A series of gradual confidence-building steps could be the solution to bridging this gap. But Biden's choice on Afghanistan withdrawal should remind his team of America's deeper diplomatic credibility crisis.
Iran's Supreme Leader, Grand Ayatollah Ali Khamenei, whose support is paramount for the entire renegotiation effort, expressed skepticism of U.S.-led diplomacy in late November: "We once tried the path of having the sanctions lifted and negotiated several years, but this got us nowhere."
If President Biden does the same thing in Afghanistan that President Donald Trump did in Iran, he will give the impression that the United States' unwillingness to live up to its word is a feature, not a bug.

Since December, Khamenei has shown more openness to negotiations, based on Iranian preconditions, which are non-starters for the United States. In order to give his support for the middle path of small confidence-building compromises overtime, Khamenei has to believe the entire process is worthwhile.
Biden can give Khamenei the opportunity to bend on JCPOA preconditions without losing face by completing an Afghanistan withdrawal by May, offering evidence through action of the U.S.' renewed commitment to its agreements, which Khamenei can point to publicly.
Moreover, leaving Afghanistan would be good for the United States even if the JCPOA wasn't on the line. The original objectives of the U.S. invasion—decimating Al Qaeda after 9/11 and punishing the Taliban for harboring them—were long ago achieved.
Continuing open-ended nation-building and security assistance doesn't make the United States safer, but sticking around drains America's resources, distracts it from bigger threats and makes U.S. troops softer targets for adversaries (like Iran). Staying in Afghanistan also lets America's rivals free ride on U.S. regional security. Underwriting local stability for U.S. rivals opens up more of their resources to cause mischief elsewhere (through activities like backing proxy groups) and removing a potential source of regional competition that could divide U.S. foes.
Most importantly, the United States doesn't need to rely on the Taliban's word for its safety after it leaves. America's unparalleled over-the-horizon strike capabilities have demonstrated time and again that it can eliminate terrorists anywhere in the world that credibly threaten its homeland, without needing a permanent ground presence to do so.
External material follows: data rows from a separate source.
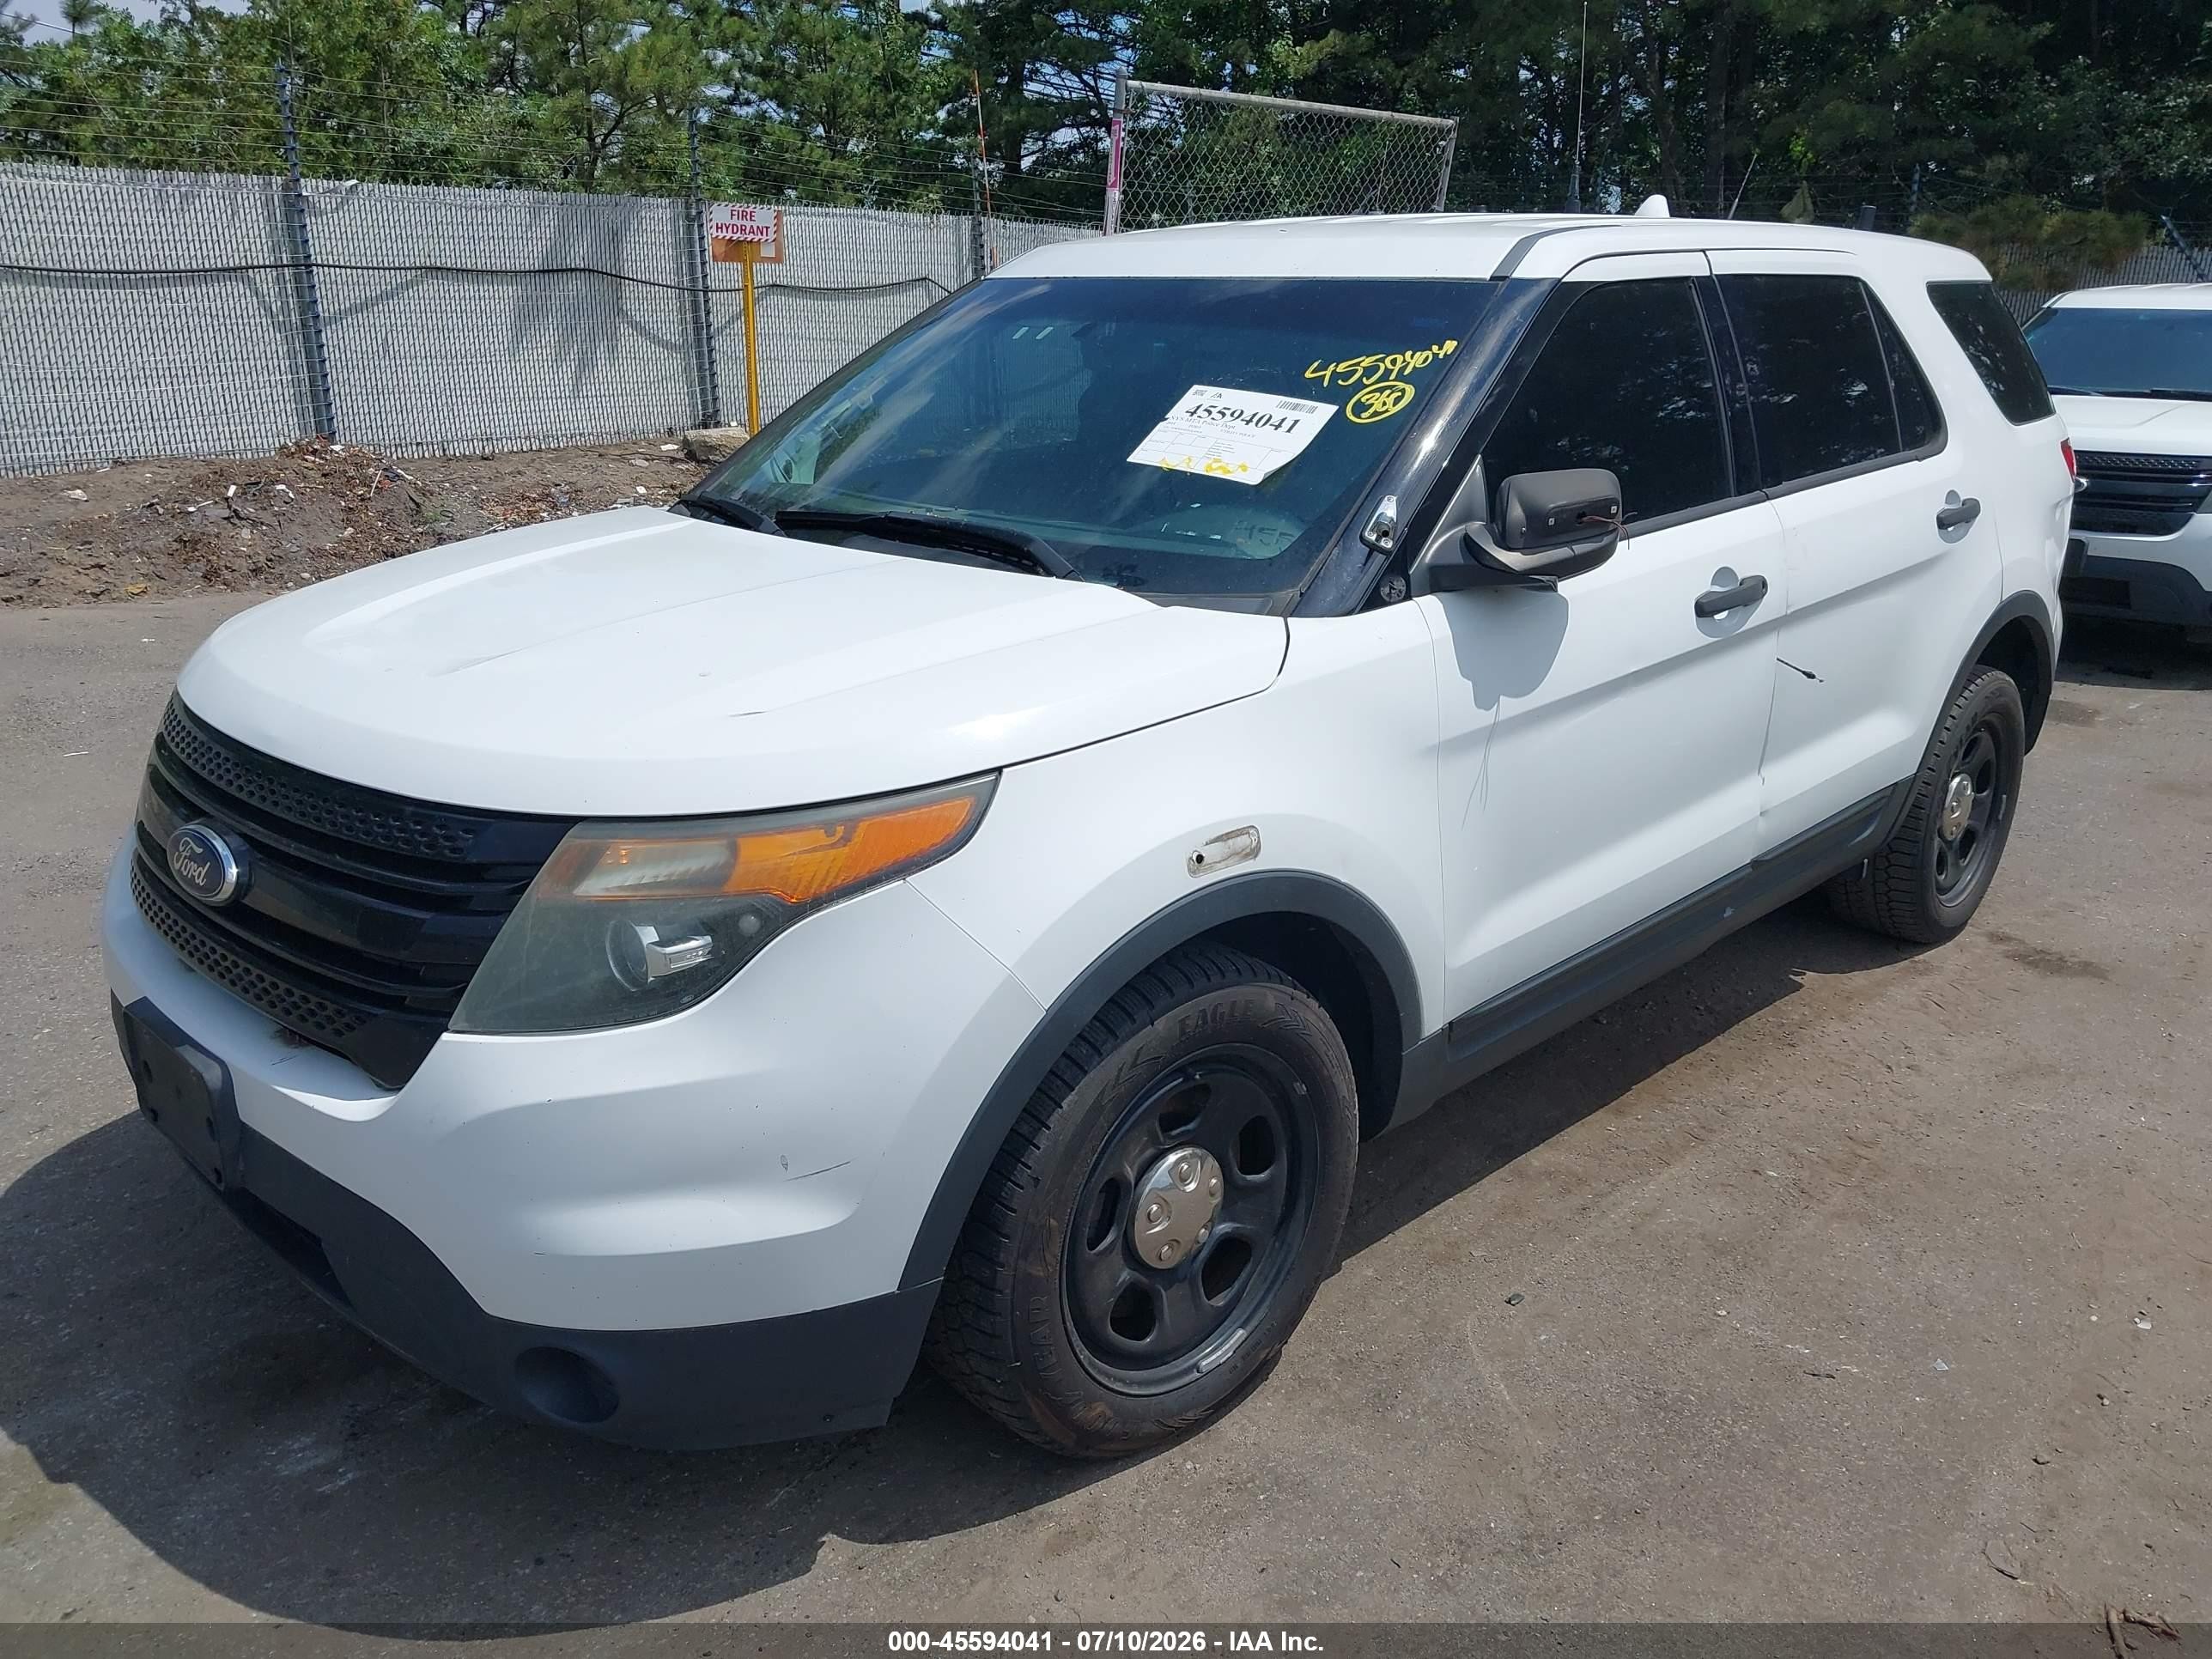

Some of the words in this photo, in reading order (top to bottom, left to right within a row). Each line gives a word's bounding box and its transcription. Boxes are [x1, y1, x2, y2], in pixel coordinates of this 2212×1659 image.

[715, 222, 770, 237] HYDRANT
[730, 209, 757, 222] FIRE
[1184, 403, 1301, 434] 45594041
[174, 837, 210, 886] Ford
[1175, 999, 1257, 1037] EAGLE
President Biden should not insist on protracted withdrawal timelines based on security conditions that haven't materialized for the past 20 years and won't for the 20 to come.
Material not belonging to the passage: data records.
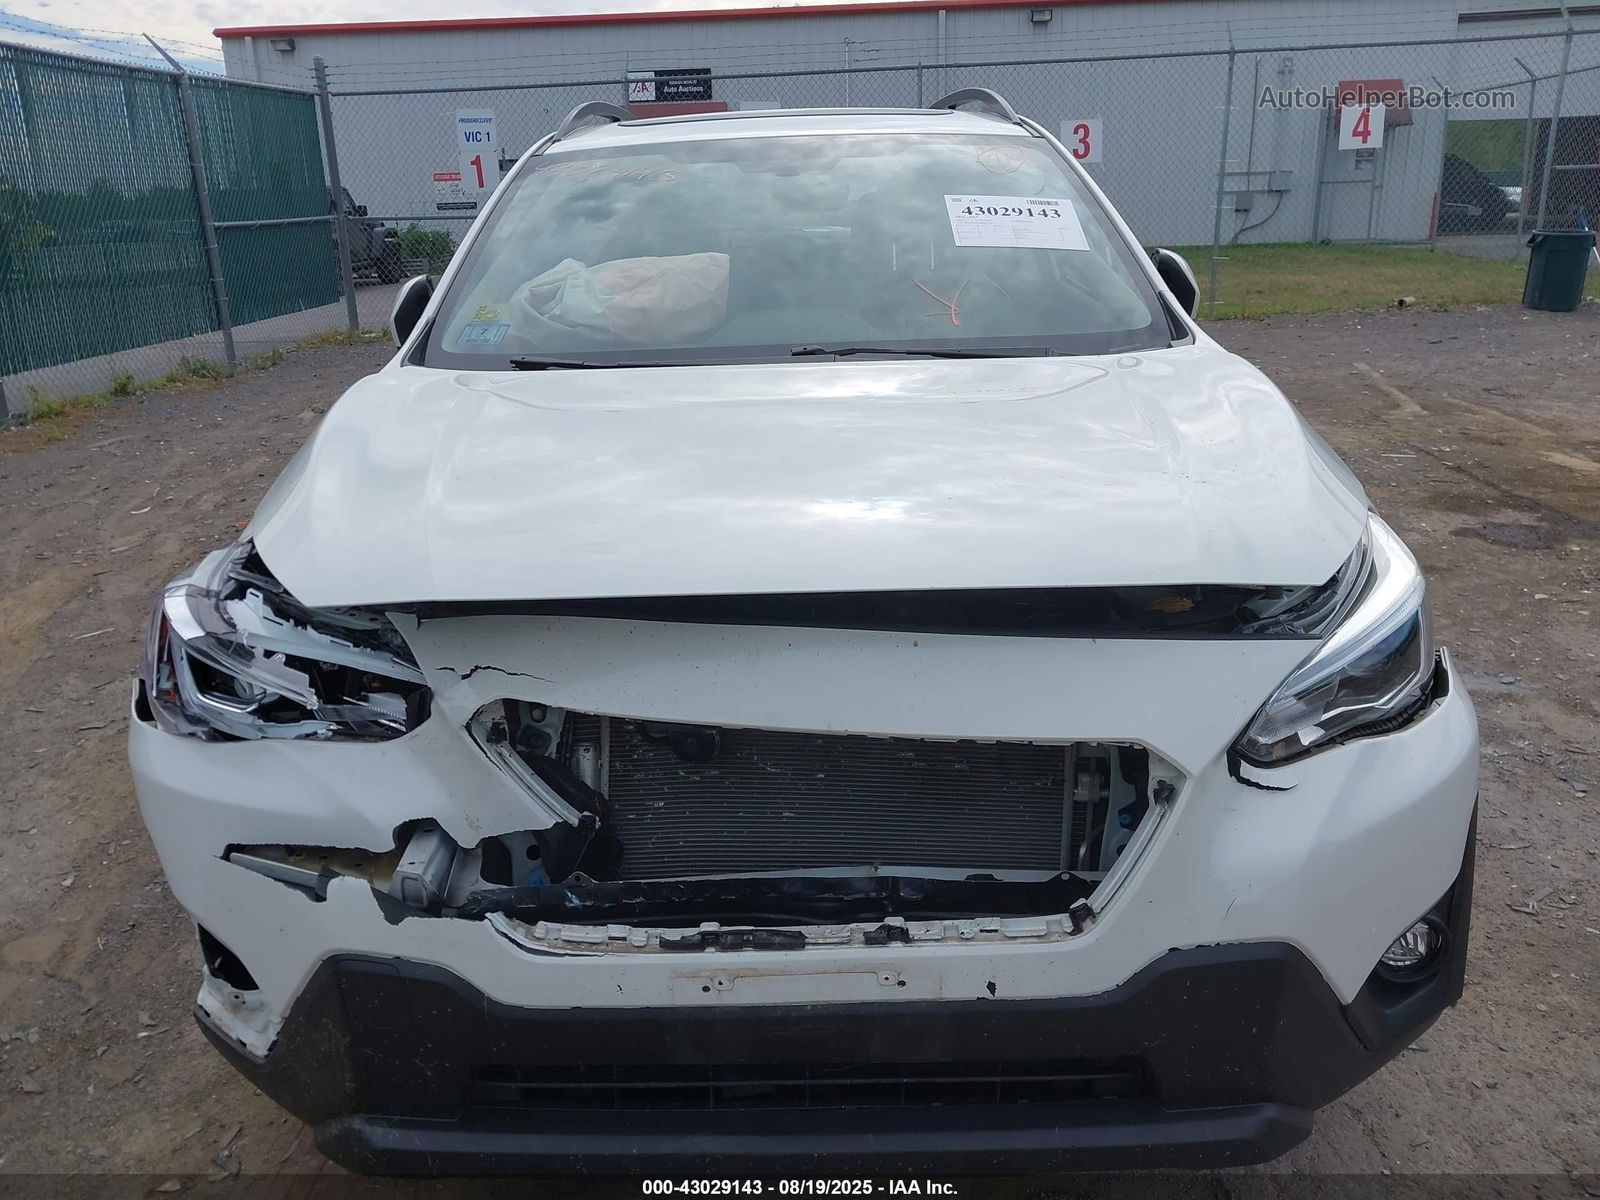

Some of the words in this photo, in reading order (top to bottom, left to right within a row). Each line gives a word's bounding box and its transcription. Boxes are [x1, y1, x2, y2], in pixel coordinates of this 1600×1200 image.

[678, 85, 704, 93] Auctions
[464, 131, 482, 143] VIC
[485, 131, 491, 142] 1
[1351, 107, 1371, 144] 4
[1072, 123, 1091, 160] 3
[470, 154, 485, 188] 1
[961, 206, 1062, 219] 43029143
Finally, Biden should consider that keeping troops in Afghanistan past May is by no means politically safe. Over two-thirds of veterans, along with the majorities of military families and the public, oppose continuing the conflict, according to 2021 polling.
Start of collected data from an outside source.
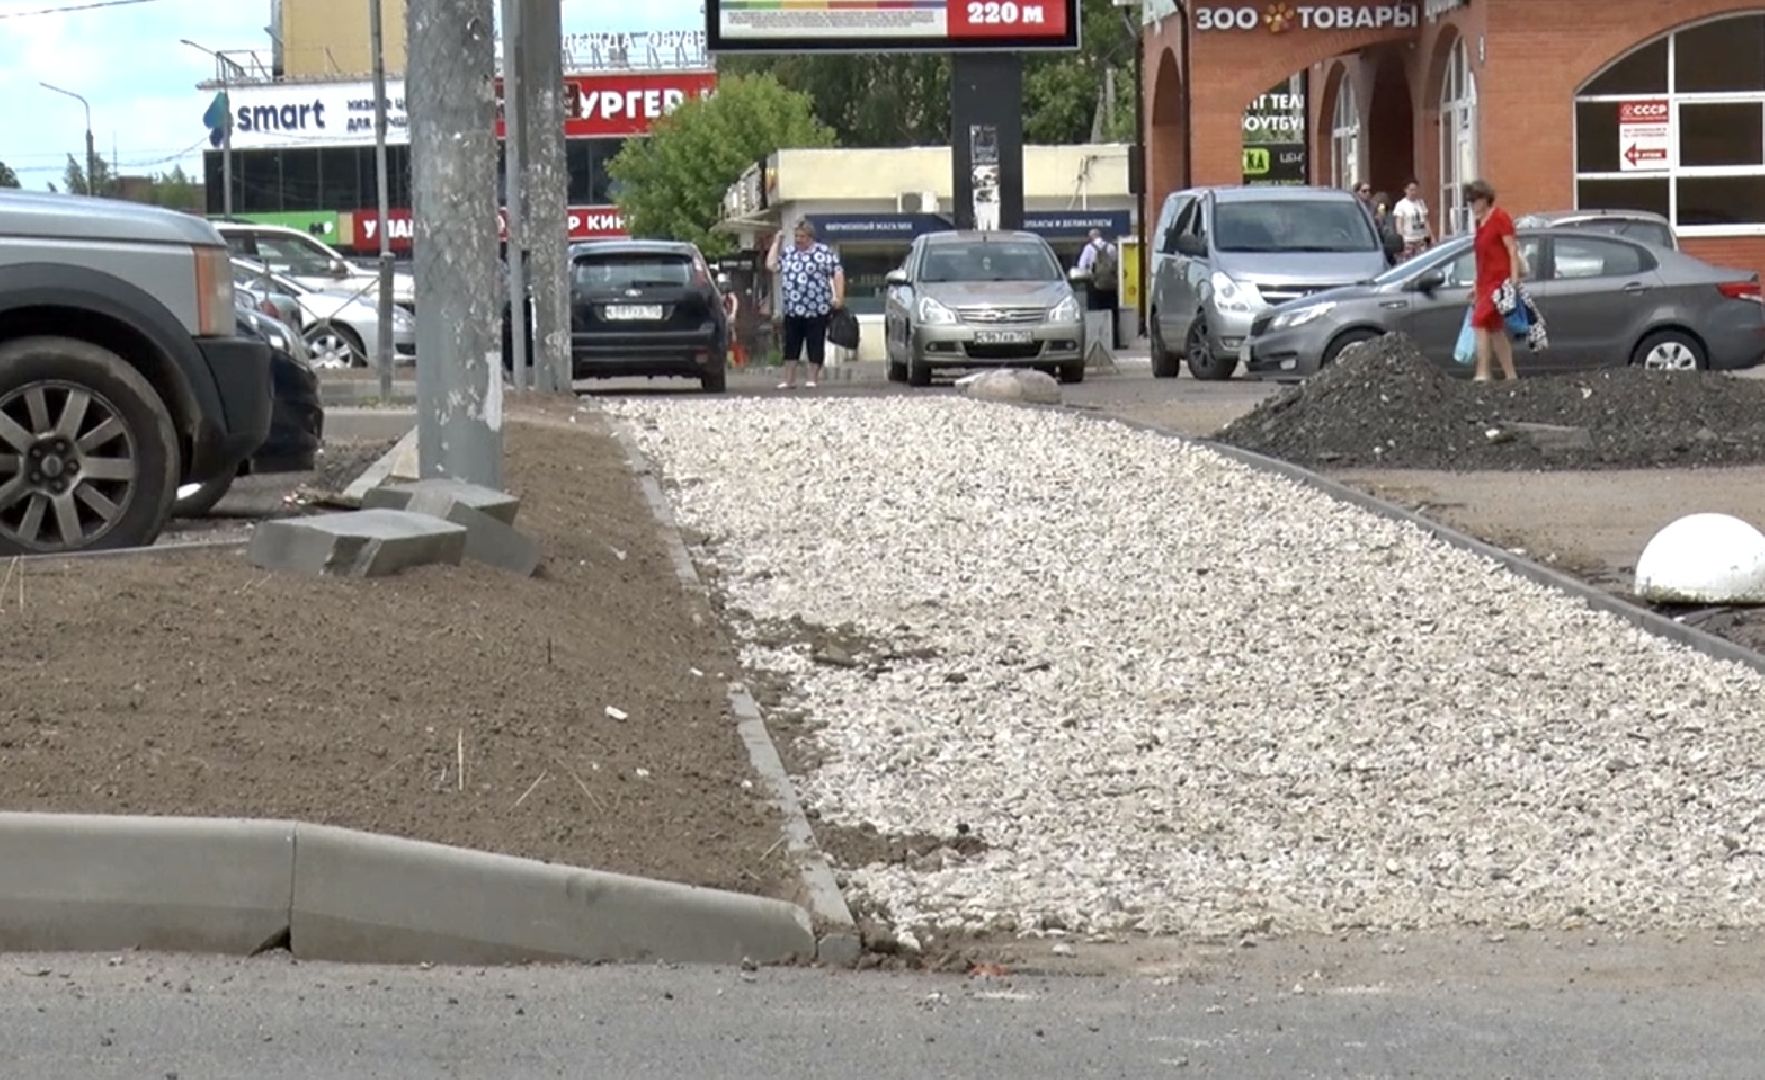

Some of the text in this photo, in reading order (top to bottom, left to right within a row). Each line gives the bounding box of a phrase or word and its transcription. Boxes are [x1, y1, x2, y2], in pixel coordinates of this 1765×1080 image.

[966, 2, 1019, 24] 220
[1196, 5, 1418, 30] ЗОО ТОВАРЫ
[237, 98, 325, 131] smart
[580, 90, 684, 118] УРГЕР
[1243, 116, 1305, 131] ОУТБУ
[1247, 151, 1266, 169] КА
The withdrawal timeline offers Biden a rare opportunity to immediately cement his legacy and build domestic goodwill by ending the wildly unpopular war he inherited. As Biden contemplates what parts of his domestic agenda are feasible given his narrow congressional mandate, this domestic capital is crucial.
Should he keep U.S. forces in Afghanistan past May, Joe Biden, like the three previous presidents before him, will own America's longest war and find it harder to withdraw in the future.
President Biden should act in America's national interest by ending its longest war and showing his commitment to past diplomatic agreements. Breaking one's word again while trying to show you can be trusted with a second chance, on the other hand, well that's malarkey.
Tyler Koteskey is a fellow at Defense Priorities. Previously, he was a Marcellus Policy Fellow with the John Quincy Adams Society and an analyst at the Reason Foundation. His writing has appeared in The Hill, the Orange County Register, Reason Magazine, Capx, Rare and other outlets.
The views expressed in this article are the writer's own.